** DATA SUPPLIED follows **
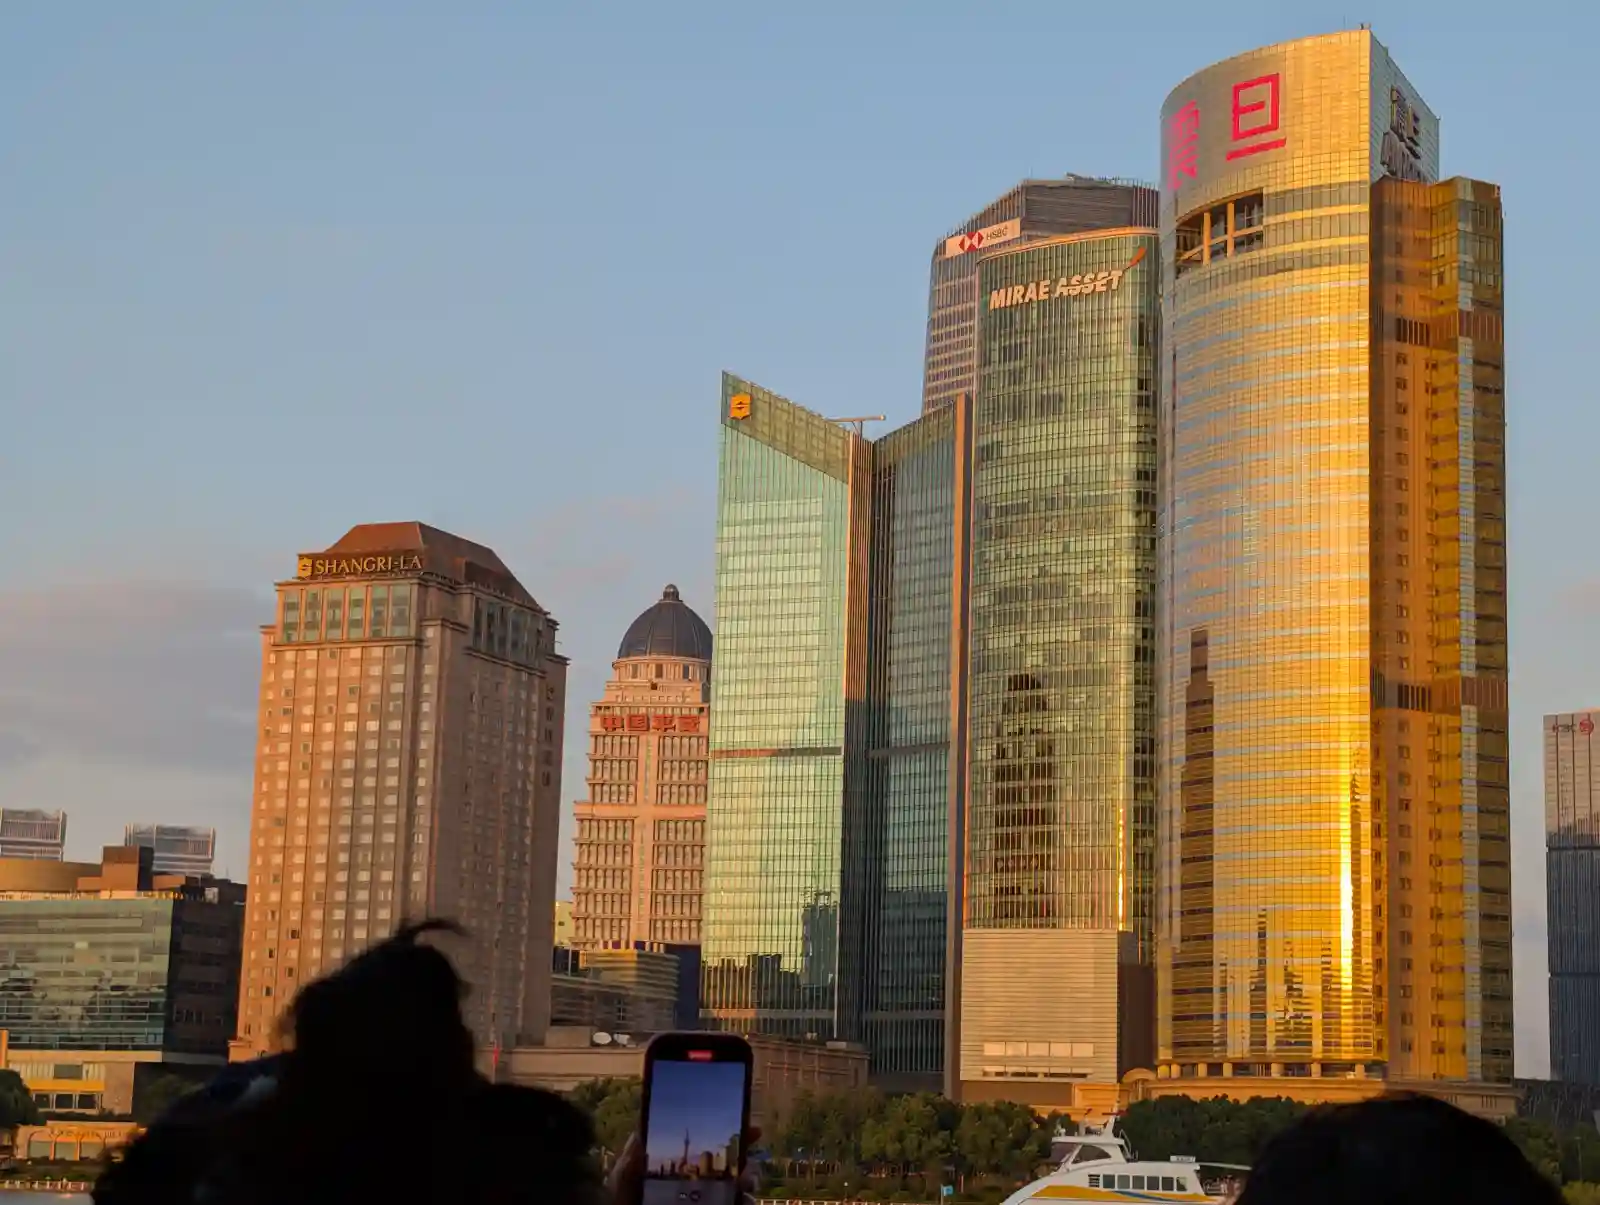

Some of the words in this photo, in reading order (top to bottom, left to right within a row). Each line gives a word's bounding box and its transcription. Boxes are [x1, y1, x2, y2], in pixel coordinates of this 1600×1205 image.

[986, 225, 1008, 241] HSBC
[989, 280, 1050, 310] MIRAE
[1054, 270, 1123, 297] ASSET
[315, 555, 422, 575] SHANGRI-LA
** End of DATA SUPPLIED **
## [THE TASK]
Only the pictures are to be left out; repeat everything else in the records above exactly.

## [ANSWER TO THE EXERCISE]
Some of the words in this photo, in reading order (top to bottom, left to right within a row). Each line gives a word's bounding box and its transcription. Boxes are [x1, y1, x2, y2], in pixel coordinates of this 1600×1205 image.

[986, 225, 1008, 241] HSBC
[989, 280, 1050, 310] MIRAE
[1054, 270, 1123, 297] ASSET
[315, 555, 422, 575] SHANGRI-LA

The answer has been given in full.